机构地区:[1]石河子大学药学院,石河子832000

出  处:《中国新药杂志》2014年第7期824-828,共5页Chinese Journal of New Drugs

基  金:国家自然科学基金(81160395)

摘  要:目的:通过壳聚糖/β-甘油磷酸钠(chitosan/β-glycerophosphate,CS/β-GP)温敏凝胶制备工艺的优化,为缓释载体的研究提供基础。方法:通过考察壳聚糖的脱乙酰度(degree of deacetylation,DD)、壳聚糖质量、β-GP浓度和pH,选取β-GP浓度和pH为星点设计考察因素,胶凝时间为考察指标,对结果进行多元线性和多项式拟合,效应面法优化工艺,并以神经生长因子(β-nerve growth fator,β-NGF)为模型药物,考察CS/β-GP温敏凝胶的缓释性,初步探讨其释药模型。结果:根据复相关系数可知,因素与指标之间的最佳拟合方程为三次多项式,最优工艺:β-GP浓度为511.51 mg·mL-1,pH为7.08,胶凝时间为6.23 min。且释药行为接近Weibull模型。结论:星点设计-效应面优化的CS/β-GP温敏凝胶工艺,具有胶凝时间短和缓释性好等优点,可满足植入给药的要求。Objective:To optimize the preparation process of chitosan/β-glycerophosphate(CS/β-GP)thermosensitive hydrogel and lay a foundation for further research of sustained-release delivery system. Methods:By examining the degree of deacetylation(DD)of chitosan,the quality of chitosan,β-GP concentration and pH,β-GP concentration and pH were selected as investigation factors. By taking gelling time as an indicator,the experiment results were fitted with multiple linear or polynomial equations, and the process was optimize by response surface methodology. The sustained-release property of CS/β-GP temperature-sensitive gel was studied by using nerve growth factor(β-NGF)as a model drug,and its release model was explored. Results:Cubic polynomial equation fitted the correlation between the factors and indicators the best. The optimum preparation conditions were as follows: concentration of β-GP was 511.51 mg?mL-1,pH was 7.08, gel time was 6.23 min. The release behavior was close to the Weibull model.
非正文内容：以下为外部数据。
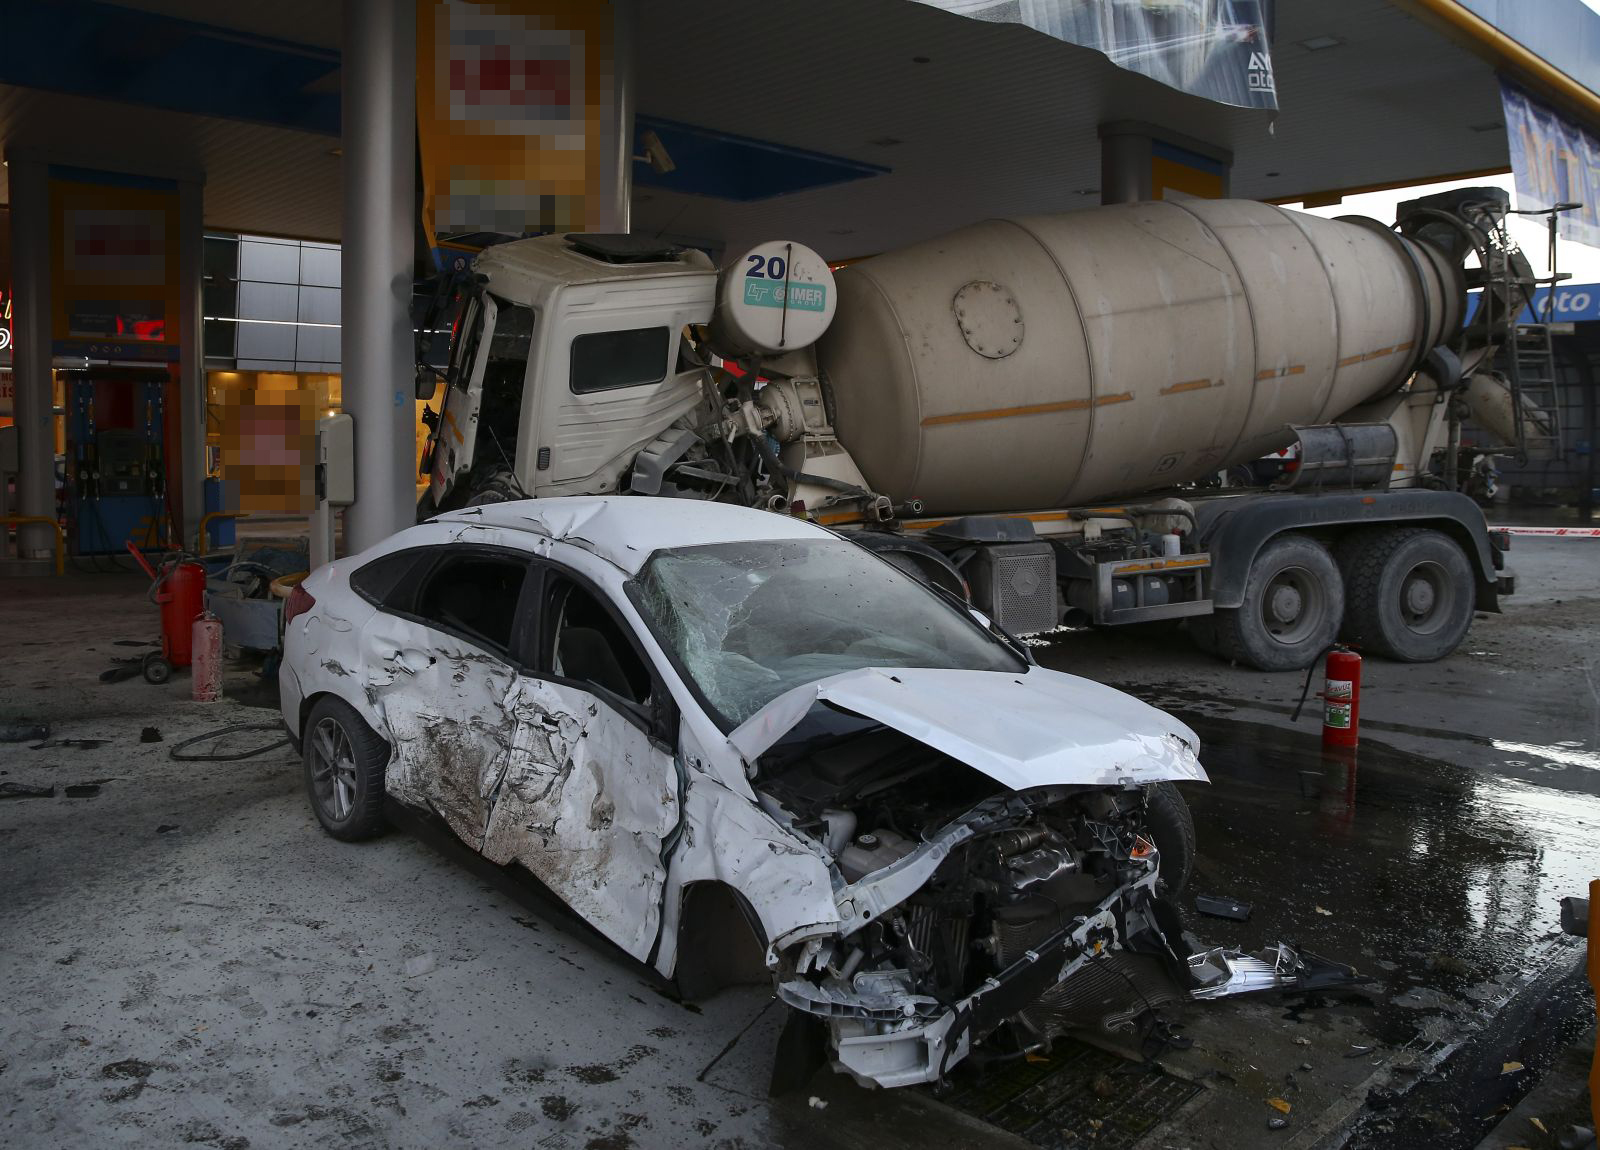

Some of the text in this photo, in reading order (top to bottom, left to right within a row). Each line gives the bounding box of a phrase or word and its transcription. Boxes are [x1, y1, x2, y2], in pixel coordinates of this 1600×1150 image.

[746, 255, 785, 280] 20
[791, 288, 822, 302] IMER
[1537, 291, 1591, 314] oto
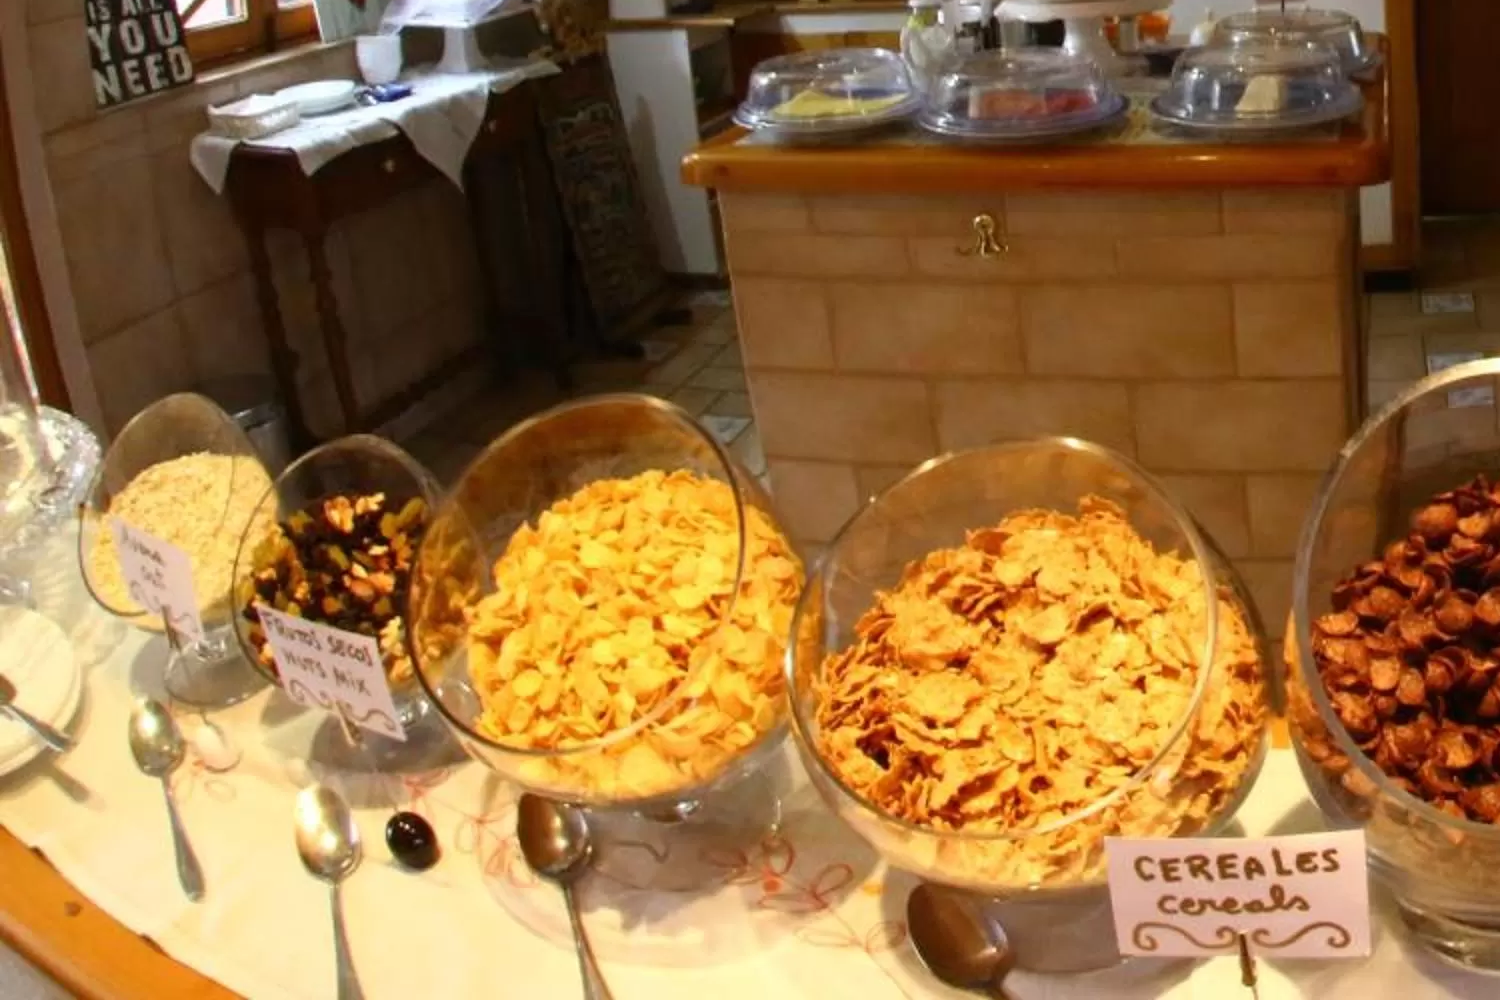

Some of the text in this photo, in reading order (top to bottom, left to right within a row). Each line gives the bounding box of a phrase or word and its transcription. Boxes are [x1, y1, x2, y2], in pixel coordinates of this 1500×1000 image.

[86, 0, 111, 22] IS
[87, 11, 178, 62] YOU
[92, 46, 193, 105] NEED
[1133, 847, 1341, 882] CEREALES
Conclusion:The CS/β-GP temperature sensitive gel optimized by central composite design-response surface methodology has the advantages of short gel time and sustained-release property, which meets the requirements of implantable drug delivery system.

关 键 词:星点设计 效应面法 温敏凝胶 神经生长因子 缓释 

分 类 号:R943.41[医药卫生—药剂学]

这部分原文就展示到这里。